Philipp Gesang [Tue, 9 May 2017 13:42:17 +0000]
graciously handle GCM data length limit
Philipp Gesang [Tue, 9 May 2017 08:59:28 +0000]
unit test crypto file counter wraparound
After the file counter reaches UINT_MAX, it wraps around and a
new fixed part must be created.
The file counter is 32 bit unsigned integer so it needs to be
lowered to make bounds testing feasible.
Philipp Gesang [Tue, 9 May 2017 08:22:43 +0000]
extend strict iv tracking to encryption
This is just an extra soundness check to prevent accidental reuse
if IVs when handled incorrectly (same initial counters passed
twice to the same context). In normal usage this case cannot
happen.
Philipp Gesang [Mon, 8 May 2017 14:27:13 +0000]
expand crypto api to accept precomputed key
Philipp Gesang [Mon, 8 May 2017 15:13:26 +0000]
reduce noise in test_multivol_compression_sizes.py
Philipp Gesang [Mon, 8 May 2017 13:33:29 +0000]
improve iv diagnostics when decrypting
Philipp Gesang [Mon, 8 May 2017 09:26:54 +0000]
test that seeking backwards is disallowed by _Stream
Re-extracting an already decrypted file will fail on account of
IV reuse.

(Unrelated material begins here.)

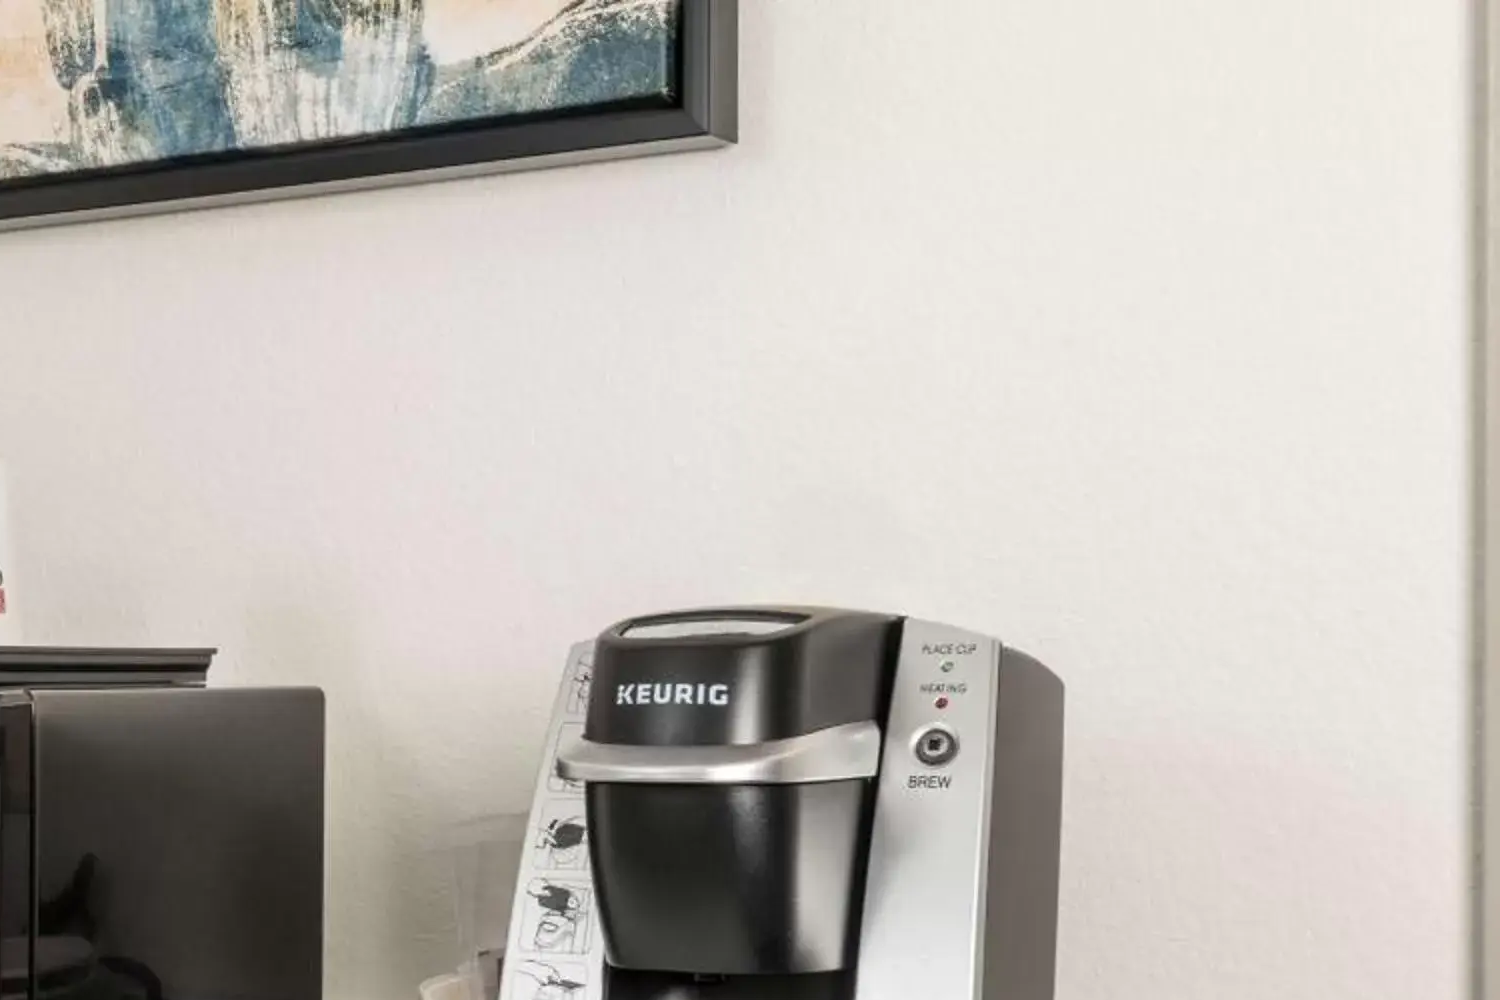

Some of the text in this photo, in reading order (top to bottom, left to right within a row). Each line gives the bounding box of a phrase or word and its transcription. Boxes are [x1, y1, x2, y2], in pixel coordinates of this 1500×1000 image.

[921, 643, 977, 655] PLACE CUP
[615, 683, 729, 706] KEURIG
[907, 775, 953, 790] BREW

Currently, tarfile._Stream is not capable of performing
backward seeks, so we’re good. Should this limitation be removed
in a future version, this unit test will fail.
Philipp Gesang [Mon, 8 May 2017 07:58:33 +0000]
remove pytest dependency from test_crypto.py
Philipp Gesang [Fri, 5 May 2017 15:52:51 +0000]
add unit test for IV reuse
Philipp Gesang [Fri, 5 May 2017 15:18:11 +0000]
adapt crypto unit tests to run in main suite
Philipp Gesang [Fri, 5 May 2017 14:52:45 +0000]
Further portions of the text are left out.